Al ritmo actual los últimos de la lista podrían tener que esperar hasta cuatro años, según los profesionales de la enseñanza

A día de hoy, hay más de 306.000 alumnos en España pendientes de afrontar un examen de conducir, según datos de Formaster, Asociación Profesional de Empresas Formadoras en Logística, Transporte y Seguridad Vial. En lo que va de año la bajada de alumnos de las listas de espera para examinarse ha descendido en poco más de un 14%. Un descenso insuficiente, ya que con el número actual de examinadores se necesitarían casi 4 años para alcanzar una lista de espera “cero”, ello sin contar con la incorporación de nuevos alumnos. Incluso, en algunas provincias, esta demora podría hasta triplicarse.

Uno de los graves problemas que desde hace algunos años llevan acarreando los alumnos que quieren sacarse alguno de los carnés de conducir en España, es el tiempo de espera para poder acceder a una fecha para la prueba práctica de conducir. Un periodo que, en algunas provincias, puede superar los 3 meses.

Es cierto que la DGT ha incorporado 50 nuevos examinadores, lo que fuentes del sector consideran positivo, pero insuficiente ya que sigue sin solucionar el problema, pues ni siquiera se cubren las jubilaciones actuales. Por ello se reclama más personal examinador en las Jefaturas provinciales que siguen teniendo problemas de déficit de examinadores. Según Formaster, en los últimos 12 años se ha perdido alrededor de un 10% de examinadores, lo que ha provocado un colapso interminable para poder acceder a las pruebas prácticas.

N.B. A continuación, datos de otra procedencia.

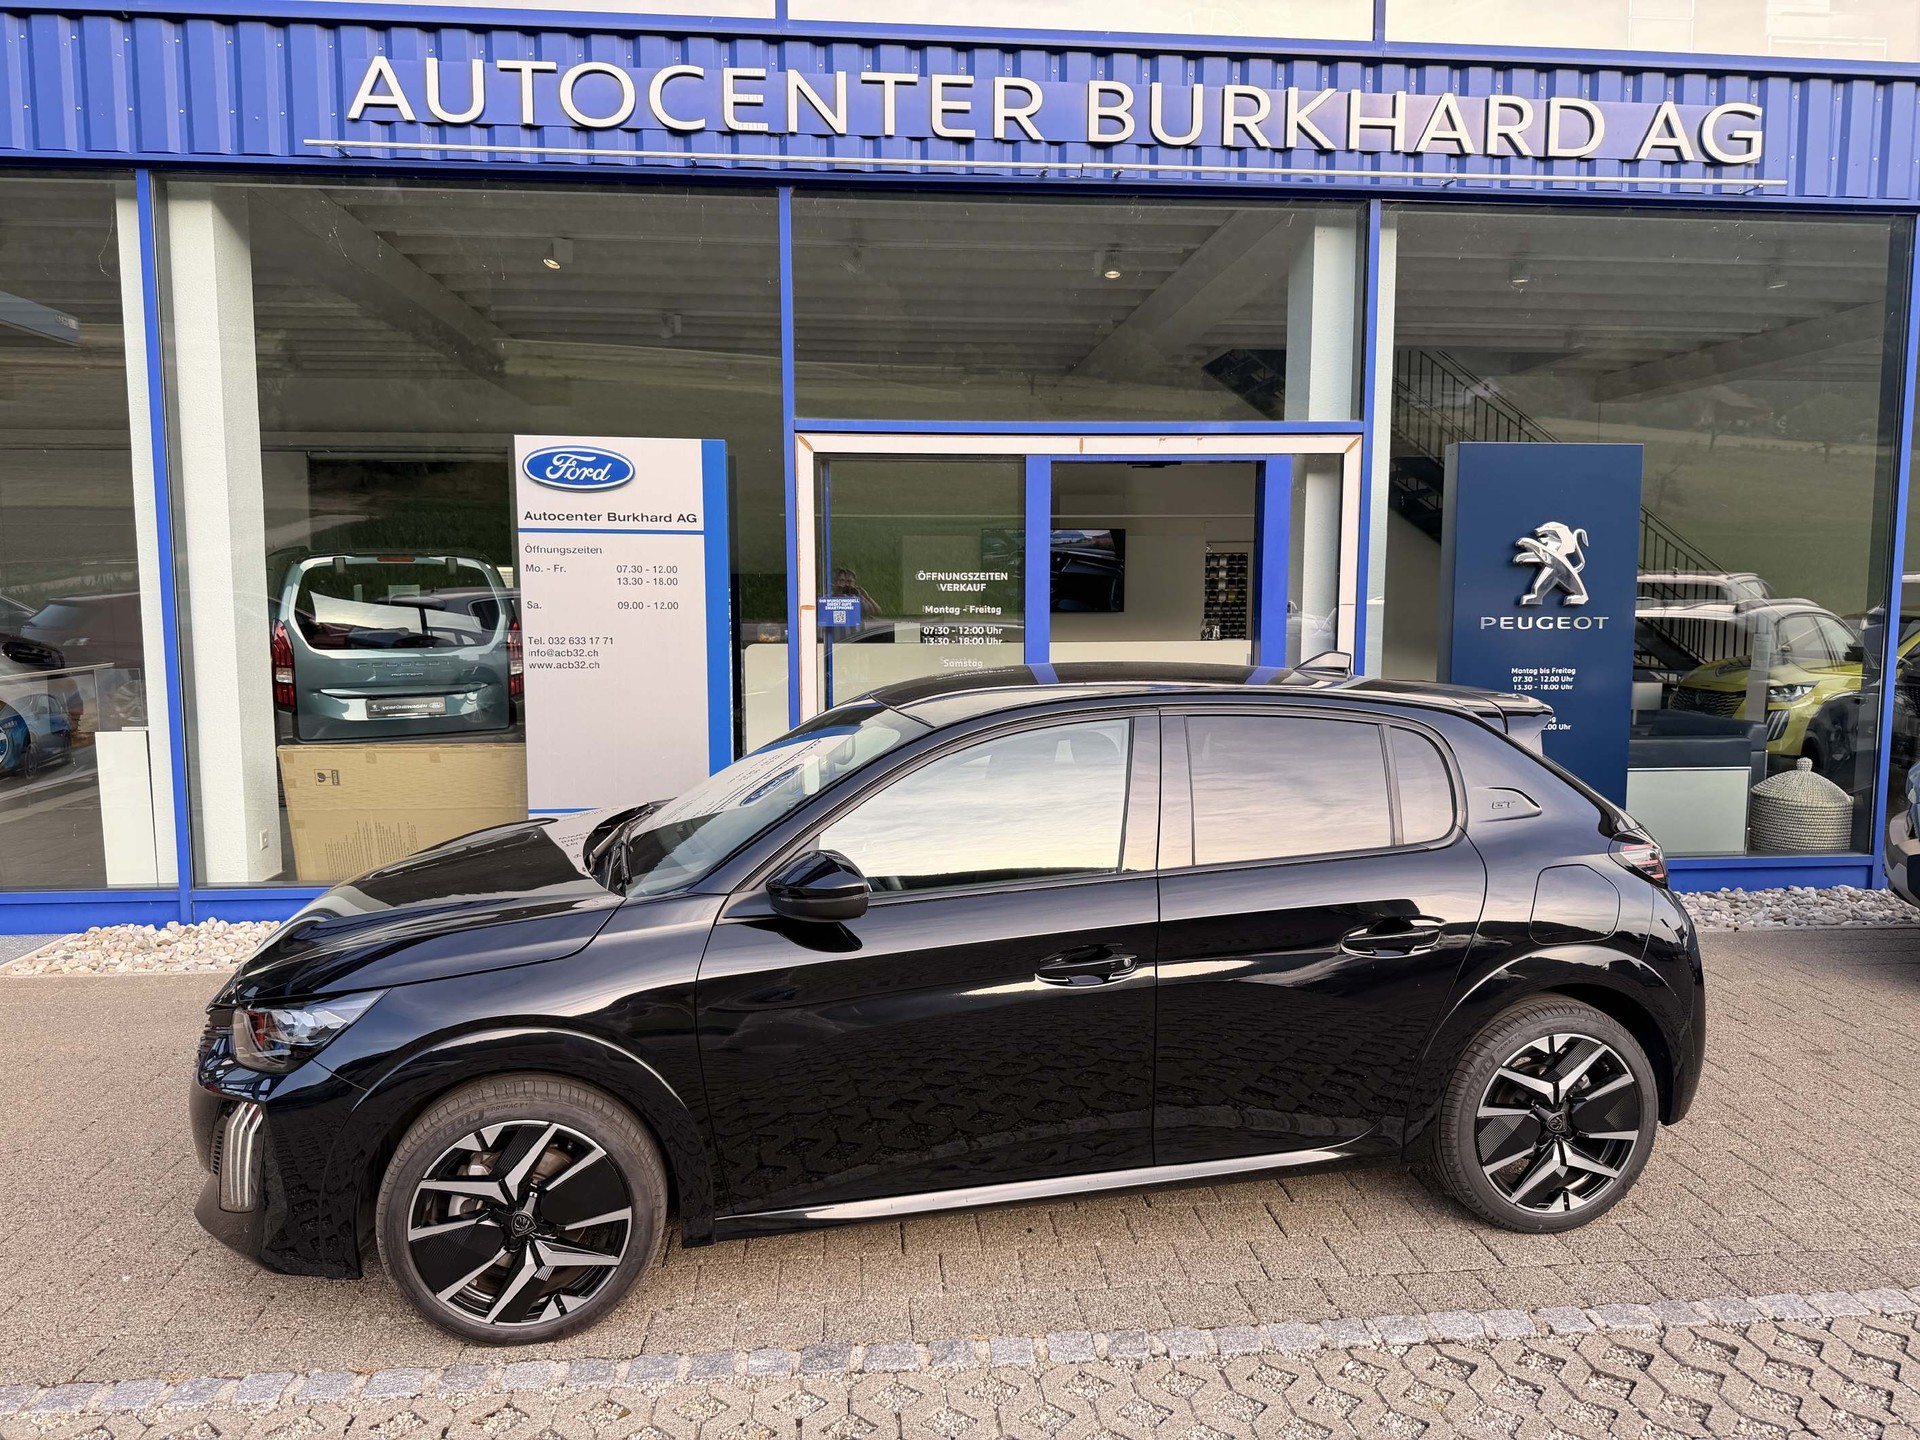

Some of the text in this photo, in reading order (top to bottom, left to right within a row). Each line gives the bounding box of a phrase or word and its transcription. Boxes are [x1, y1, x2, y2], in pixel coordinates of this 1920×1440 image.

Esta situación puede provocar que alrededor de un 30% de las autoescuelas -sobre todo las más pequeñas y las ubicadas en localidades de menos población- podrían cerrar, al no poder ofrecer un servicio de calidad a sus alumnos, llevando a una situación de desempleo a más de un millar de familias. El sector viene desde hace años sufriendo grandes dificultades, empezando por la huelga de examinadores de otoño de 2019, la pandemia, las restricciones de movilidad de 2020, y a día de hoy las subidas de los precios energéticos y de los combustibles. A todo ello hay que sumar ahora la falta de examinadores y el lento proceso para acceder a las pruebas prácticas.